What is required: Every line of the data, first to last, must be written out unchanged.

(Text-to-region grounding data)
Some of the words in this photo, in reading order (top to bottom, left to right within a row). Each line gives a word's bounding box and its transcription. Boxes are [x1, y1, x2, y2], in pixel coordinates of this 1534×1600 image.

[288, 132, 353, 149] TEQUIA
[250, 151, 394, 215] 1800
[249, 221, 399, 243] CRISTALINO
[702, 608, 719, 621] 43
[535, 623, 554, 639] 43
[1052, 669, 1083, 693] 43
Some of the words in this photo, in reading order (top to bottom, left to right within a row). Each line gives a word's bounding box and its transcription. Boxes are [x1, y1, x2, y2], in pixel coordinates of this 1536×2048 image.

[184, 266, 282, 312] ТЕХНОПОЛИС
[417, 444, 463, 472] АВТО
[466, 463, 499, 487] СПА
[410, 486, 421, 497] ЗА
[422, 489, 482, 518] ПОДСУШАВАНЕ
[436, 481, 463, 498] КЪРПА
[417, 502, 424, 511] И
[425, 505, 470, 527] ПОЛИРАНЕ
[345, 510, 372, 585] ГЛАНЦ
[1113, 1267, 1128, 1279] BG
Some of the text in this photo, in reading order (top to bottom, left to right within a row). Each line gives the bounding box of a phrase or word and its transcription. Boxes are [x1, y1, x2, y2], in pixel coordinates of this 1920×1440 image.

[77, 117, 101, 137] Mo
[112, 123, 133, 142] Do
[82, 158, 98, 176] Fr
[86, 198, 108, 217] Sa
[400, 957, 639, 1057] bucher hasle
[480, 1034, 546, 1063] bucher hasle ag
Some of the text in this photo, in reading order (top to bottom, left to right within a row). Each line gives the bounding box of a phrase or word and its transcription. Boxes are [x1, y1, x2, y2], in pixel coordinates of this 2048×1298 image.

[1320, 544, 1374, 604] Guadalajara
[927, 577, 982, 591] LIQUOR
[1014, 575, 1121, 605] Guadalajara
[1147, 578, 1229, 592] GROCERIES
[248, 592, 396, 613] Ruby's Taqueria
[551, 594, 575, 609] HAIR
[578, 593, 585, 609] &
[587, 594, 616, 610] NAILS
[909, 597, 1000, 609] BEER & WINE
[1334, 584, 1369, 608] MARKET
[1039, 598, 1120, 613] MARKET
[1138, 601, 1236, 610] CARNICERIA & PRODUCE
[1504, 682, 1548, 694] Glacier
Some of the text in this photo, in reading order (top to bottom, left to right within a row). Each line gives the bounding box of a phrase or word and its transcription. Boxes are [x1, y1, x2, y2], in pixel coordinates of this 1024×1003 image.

Output for this exercise:
Some of the words in this photo, in reading order (top to bottom, left to right within a row). Each line gives a word's bounding box and its transcription. Boxes are [x1, y1, x2, y2], in pixel coordinates of this 1534×1600 image.

[288, 132, 353, 149] TEQUIA
[250, 151, 394, 215] 1800
[249, 221, 399, 243] CRISTALINO
[702, 608, 719, 621] 43
[535, 623, 554, 639] 43
[1052, 669, 1083, 693] 43
Some of the words in this photo, in reading order (top to bottom, left to right within a row). Each line gives a word's bounding box and its transcription. Boxes are [x1, y1, x2, y2], in pixel coordinates of this 1536×2048 image.

[184, 266, 282, 312] ТЕХНОПОЛИС
[417, 444, 463, 472] АВТО
[466, 463, 499, 487] СПА
[410, 486, 421, 497] ЗА
[422, 489, 482, 518] ПОДСУШАВАНЕ
[436, 481, 463, 498] КЪРПА
[417, 502, 424, 511] И
[425, 505, 470, 527] ПОЛИРАНЕ
[345, 510, 372, 585] ГЛАНЦ
[1113, 1267, 1128, 1279] BG
Some of the text in this photo, in reading order (top to bottom, left to right within a row). Each line gives the bounding box of a phrase or word and its transcription. Boxes are [x1, y1, x2, y2], in pixel coordinates of this 1920×1440 image.

[77, 117, 101, 137] Mo
[112, 123, 133, 142] Do
[82, 158, 98, 176] Fr
[86, 198, 108, 217] Sa
[400, 957, 639, 1057] bucher hasle
[480, 1034, 546, 1063] bucher hasle ag
Some of the text in this photo, in reading order (top to bottom, left to right within a row). Each line gives the bounding box of a phrase or word and its transcription. Boxes are [x1, y1, x2, y2], in pixel coordinates of this 2048×1298 image.

[1320, 544, 1374, 604] Guadalajara
[927, 577, 982, 591] LIQUOR
[1014, 575, 1121, 605] Guadalajara
[1147, 578, 1229, 592] GROCERIES
[248, 592, 396, 613] Ruby's Taqueria
[551, 594, 575, 609] HAIR
[578, 593, 585, 609] &
[587, 594, 616, 610] NAILS
[909, 597, 1000, 609] BEER & WINE
[1334, 584, 1369, 608] MARKET
[1039, 598, 1120, 613] MARKET
[1138, 601, 1236, 610] CARNICERIA & PRODUCE
[1504, 682, 1548, 694] Glacier
Some of the text in this photo, in reading order (top to bottom, left to right within a row). Each line gives the bounding box of a phrase or word and its transcription. Boxes are [x1, y1, x2, y2], in pixel coordinates of this 1024×1003 image.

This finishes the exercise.